Il docente di sesso maschile: una specie in via d'estinzione?
(di Lucy Lo Russo)
Un’inchiesta
tra disegni di legge, percezione del ruolo docente, strutturazione
dell’identità maschile in adolescenza e pre-adolescenza.
Leggiamo
da un articolo su "Il Messaggero" del 5
Giugno 2003 :[...]"Esplode anche ad Ascoli la
protesta verso l’ordine del giorno presentato dai deputati
Giovanna Bianchi Clerici, Caterina Lussana e Cesare Ercole
( tutti della Lega Nord) ed approvato dalla Camera dei Deputati
che «impegna il Governo a studiare forme di incentivi, costituzionalmente
compatibili, al fine di incoraggiare il reclutamento
di insegnanti maschi’ [...]” .
In
effetti è del 18 Febbraio, seduta n° 267, la singolare discussione
con riferimento al disegno di legge approvato al Senato in
merito a “Istruzione e formazione professionale” (AC 3387).
L'ODG
di cui si legge può far gridare allo scandalo e può apparire
delirante, ma mette in luce, forse in modo maldestro, un
problema esistente.
Non
è la prima volta infatti che si parla di "femminilizzazione"
del corpo docente.
Effettivamente,
se si guardano le percentuali esigue degli Insegnanti di sesso
maschile nella Scuole Elementare e Media Inferiore , e il
seppur sensibile aumento di numeri nella Scuola Media Superiore,
non si può che dedurre un fatto preciso: l'Insegnamento
è feudo femminile. Perché?
La
scuola ha rappresentato , storicamente, uno dei pochi lavori
nei quali le esigenze di una madre-lavoratrice
potevano incontrare soluzioni: possibilità di gestione dell'orario
di lavoro, periodi di ferie maggiormente lunghi rispetto ad
altre professioni (che si sovrapponevano in modo assai utile
a quelle dei propri figli-studenti).
Di
contro e conseguentemente, si può azzardare, la contrattualità
di categoria aveva trovato talvolta poco appoggio
tra quelle lavoratrici che, inserite in stabili contesti familiari
– allora mogli di professionisti - si accontentavano di un
salario basso in cambio di una maggiore gestione delle loro
esigenze familiari.
Ora
sicuramente , le garanzie non sono più tali: il lavoro
si è "precarizzato" in maniera
sconcertante ( si arriva all’assunzione a tempo indeterminato dopo
una media di dieci anni). E in rapporto all'impegno
che si profonde, specialmente per la particolarità della funzione
docente e della sua complessità, il salario è dichiarartamente
"percepito" come non soddisfacente. E sicuramente,
rispetto al costo della vita e alla preparazione richiesta,
non è certamente consono.
Recenti
articoli e inchieste sulla "auto-percezione"

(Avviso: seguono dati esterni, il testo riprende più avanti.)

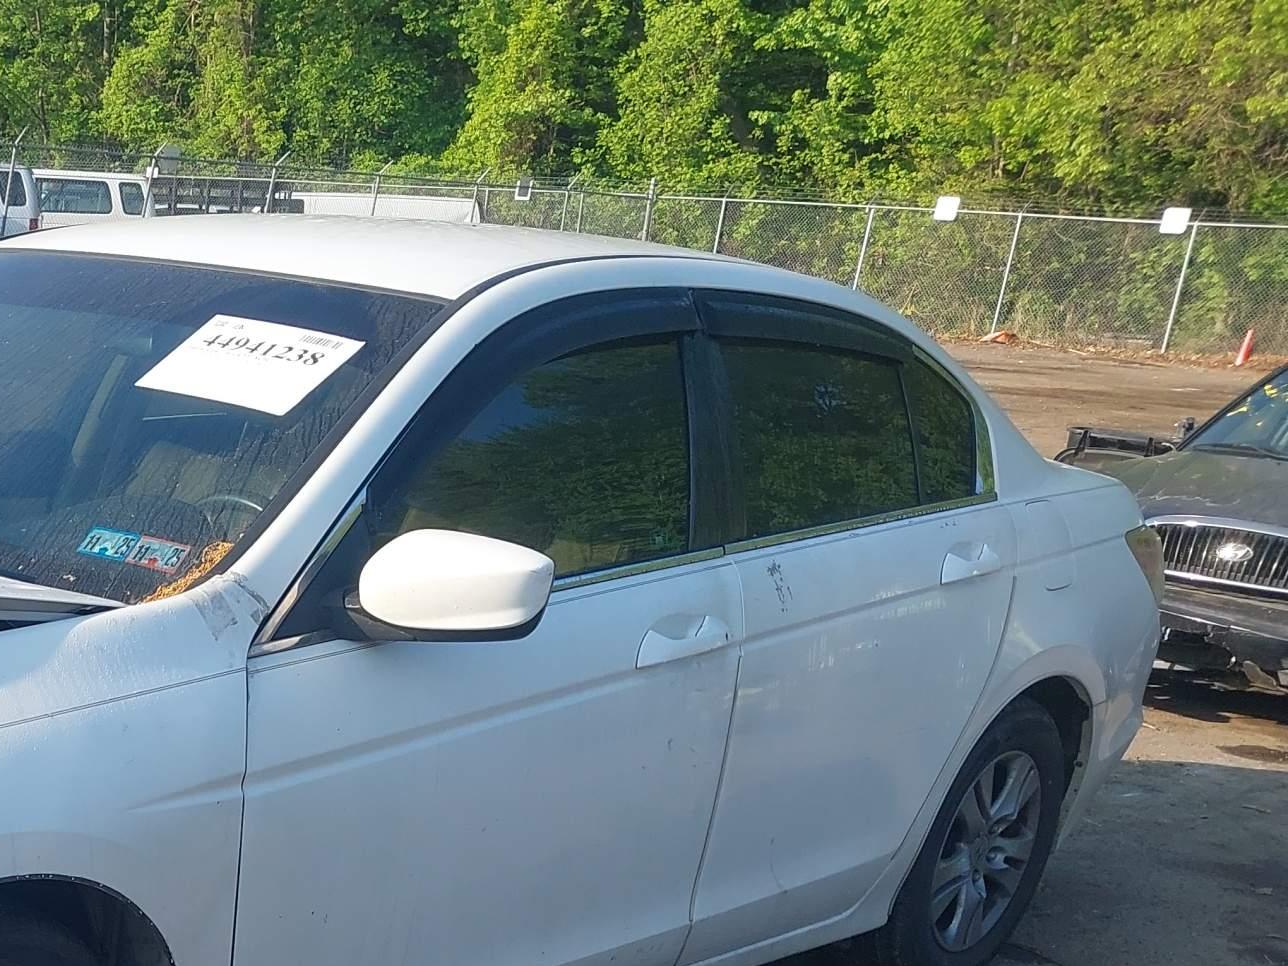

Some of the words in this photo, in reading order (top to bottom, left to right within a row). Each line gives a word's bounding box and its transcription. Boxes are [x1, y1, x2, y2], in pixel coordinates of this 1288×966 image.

[202, 334, 326, 366] 44941238
[83, 534, 102, 551] 11
[113, 537, 136, 556] 25
[132, 544, 151, 562] 11
[164, 548, 186, 567] 25

della propria professione da parte del docente
hanno sottolineato la questione della "perdita
di prestigio sociale".
La
società non sembra più riconoscere all'insegnante , a meno
che non si tratti di docente universitario, quella aura di
"rispettabilità" che gli veniva conferita un tempo.
E
sull'uomo, al quale nell'opinione comune si chiede che egli
si realizzi nella società prioritariamente attraverso il lavoro
(nei termini di prestigio, capacità di "mantenere una
famiglia"...) tale professione - allo stato attuale -
non sembra più esercitare "appeal".
Abbiamo
voluto conoscere le opinioni di alcuni docenti.
Ho
chiesto al Prof. Antonio Furlan, docente di Educazione
Fisica all’Istituto di Istruzione Superiore Cardano
di Via Natta 11 ( Onnicomprensivo MM Lampugnano) una battuta
rispetto alla proposta di legge: “Premesso che mi piacerebbe
conoscere il testo per esteso, e a mio avviso il problema
si risolve innalzando per tutta la categoria lo stipendio,
è pur vero che molti colleghi maschi sono – specie negli Istituti
Tecnici – anche liberi professionisti . Se da una parte questa
varietà di ruoli può essere un arricchimento per la scuola,
perché lo studente indirettamente viene a contatto col mondo
del lavoro e con quello che c’è fuori, dall’altra mette in
luce una debolezza del sistema: non è pensabile che un uomo
possa mantenere una famiglia con la sola forza del suo stipendio
di docente, calcolando anche che gli scatti di carriera sono
praticamente nulli”.
Il
punto di forza della proposta volta a incentivare l’ingresso
di docenti maschi sembra poggiare anche sulla riflessione
che tale fenomeno , l’esiguità di personale docente maschile,
possa provocare delle “ripercussioni nei processi educativi
e di maturazione degli adolescenti, soprattutto maschi, a
cui vengono a mancare modelli di riferimento e di imitazione
necessari alla loro crescita”.
Anche
questo tema, bisogna ammettere, non è privo di fondamento.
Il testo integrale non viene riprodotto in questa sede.